Let us change the **column** and **row names** of our simple table.

In [None]:
# create dictionary
fruits = {"apple": [0.2, 1, 0.5, 1.2],
          "coconut": [3, 3.4, None, 4],
          "melon": [3, 3.5, 4, 4.5]}

# create dataframe
fruits = pd.DataFrame(fruits)

# change column names
fruits.columns = ["Green Apple", "Indonesian Coconut", "Watermelon"]

# change row names
fruits.index = ["Aldi", "Alnatura", "Penny", "Edeka"]

# print dataframe
print(fruits)

As your **datasets** become **larger** and non-trivial, you will not be able to print the entire data set anymore. `pandas` offers two methods `head()` and `tail()` to display either the **first** or the **last rows** of a `DataFrame`. By default, 10 rows are shown, but you can select any other number too. 

Let us print the **first** and **last row** once. 

In [None]:
# create dictionary
fruits = {"apple": [0.2, 1, 0.5, 1.2],
          "coconut": [3, 3.4, None, 4],
          "melon": [3, 3.5, 4, 4.5]}

# create dataframe
fruits = pd.DataFrame(fruits)

# change column names
fruits.columns = ["Green Apple", "Indonesian Coconut", "Watermelon"]

# change row names
fruits.index = ["Aldi", "Alnatura", "Penny", "Edeka"]

# print first row
print(fruits.head(1))

In [None]:
# create dictionary
fruits = {"apple": [0.2, 1, 0.5, 1.2],
          "coconut": [3, 3.4, None, 4],
          "melon": [3, 3.5, 4, 4.5]}

# create dataframe
fruits = pd.DataFrame(fruits)

# change column names
fruits.columns = ["Green Apple", "Indonesian Coconut", "Watermelon"]

# change row names
fruits.index = ["Aldi", "Alnatura", "Penny", "Edeka"]

# print last row
print(fruits.tail(1))

There are also several ways to change a `DataFrame` in `pandas`. A few ways are for example to **append** a `DataFrame` to another `DataFrame` with `append()`, find and delete **duplicate rows** with `drop_duplicates()`, and find rows with **missing values** and delete them with `dropna()`. Note that certain operations only pass a **reference** and others pass a **new** `DataFrame`. If you want to write to the exact same `DataFrame`, you can in most cases pass the argument `inplace = True` to the function. 

Let us try some **operations** on our data frame. 

In [None]:
# create dictionary
fruits = {"apple": [0.2, 1, 0.5, 1.2],
          "coconut": [3, 3.4, None, 4],
          "melon": [3, 3.5, 4, 4.5]}

# create dataframe
fruits = pd.DataFrame(fruits)

# change column names
fruits.columns = ["Green Apple", "Indonesian Coconut", "Watermelon"]

# change row names
fruits.index = ["Aldi", "Alnatura", "Penny", "Edeka"]
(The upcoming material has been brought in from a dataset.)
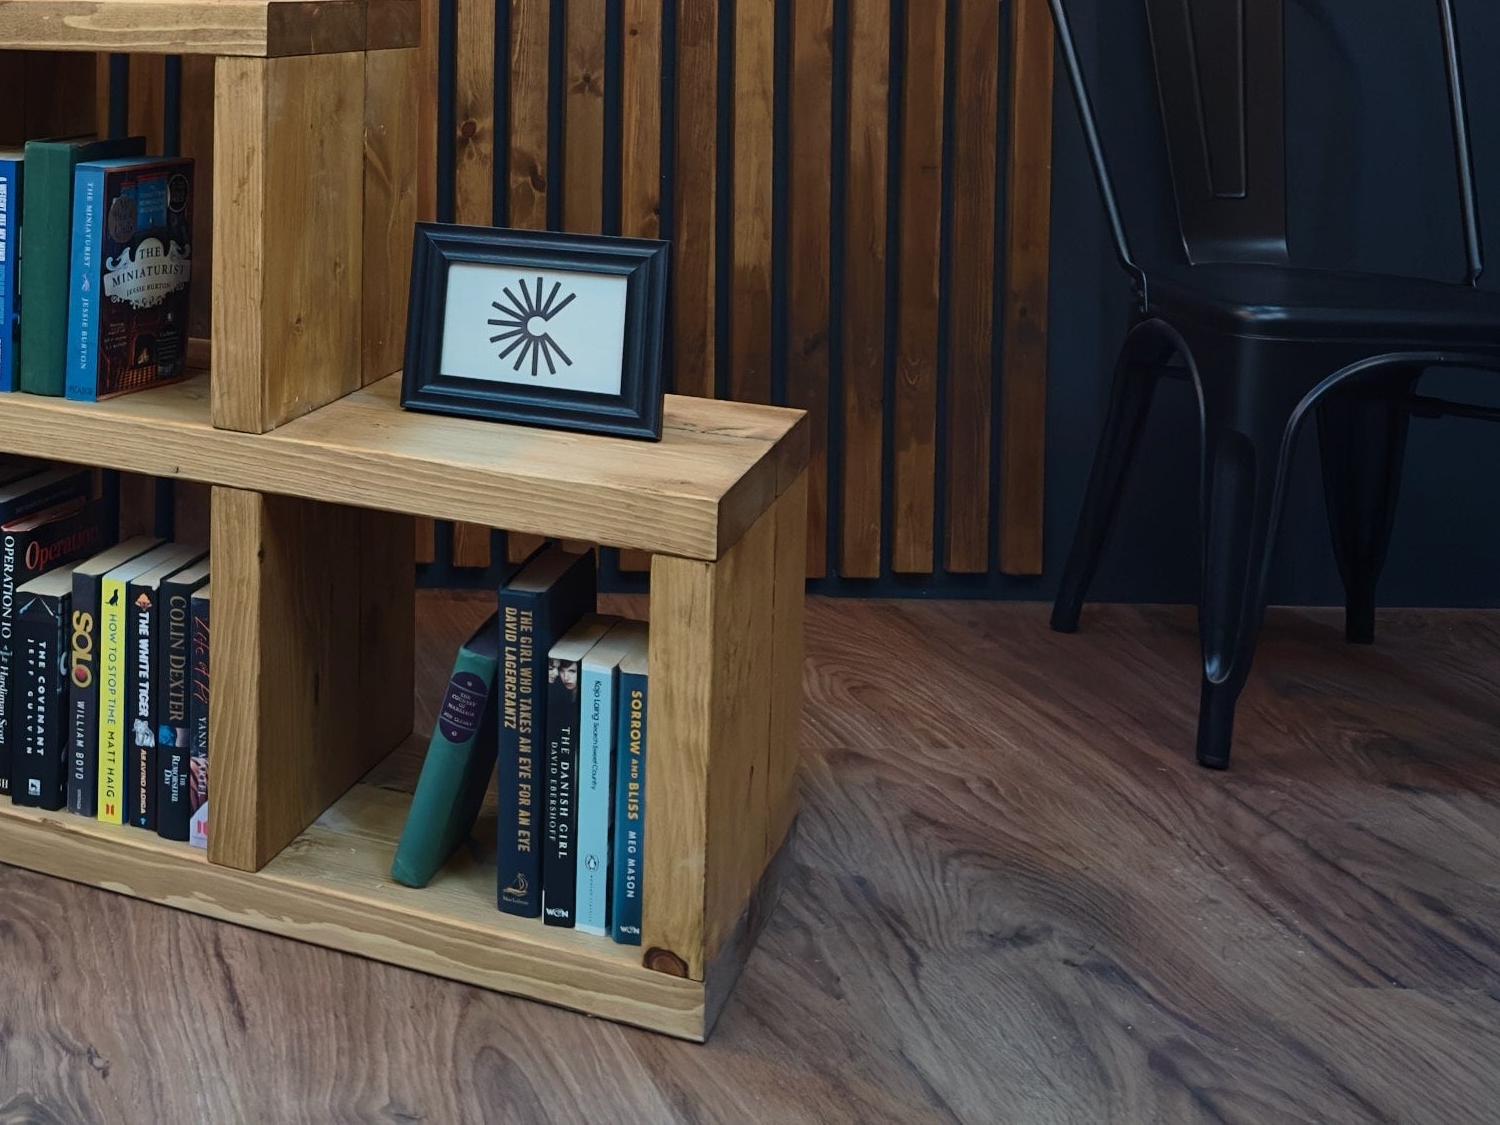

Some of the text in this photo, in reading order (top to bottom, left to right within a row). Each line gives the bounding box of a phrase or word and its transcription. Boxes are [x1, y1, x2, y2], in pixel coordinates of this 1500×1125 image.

# append dataframe to dataframe
fruits = fruits.append(fruits)

# print dataframe
print(fruits)

In [None]:
# create dictionary
fruits = {"apple": [0.2, 1, 0.5, 1.2],
          "coconut": [3, 3.4, None, 4],
          "melon": [3, 3.5, 4, 4.5]}

# create dataframe
fruits = pd.DataFrame(fruits)

# change column names
fruits.columns = ["Green Apple", "Indonesian Coconut", "Watermelon"]

# change row names
fruits.index = ["Aldi", "Alnatura", "Penny", "Edeka"]

# append dataframe to dataframe
fruits = fruits.append(fruits)

# drop duplicated in dataframe
fruits.drop_duplicates(inplace=True)

# print dataframe
print(fruits)

In [None]:
# create dictionary
fruits = {"apple": [0.2, 1, 0.5, 1.2],
          "coconut": [3, 3.4, None, 4],
          "melon": [3, 3.5, 4, 4.5]}

# create dataframe
fruits = pd.DataFrame(fruits)

# change column names
fruits.columns = ["Green Apple", "Indonesian Coconut", "Watermelon"]

# change row names
fruits.index = ["Aldi", "Alnatura", "Penny", "Edeka"]

# drop rows with missing values
fruits.dropna(inplace=True)

# print dataframe
print(fruits)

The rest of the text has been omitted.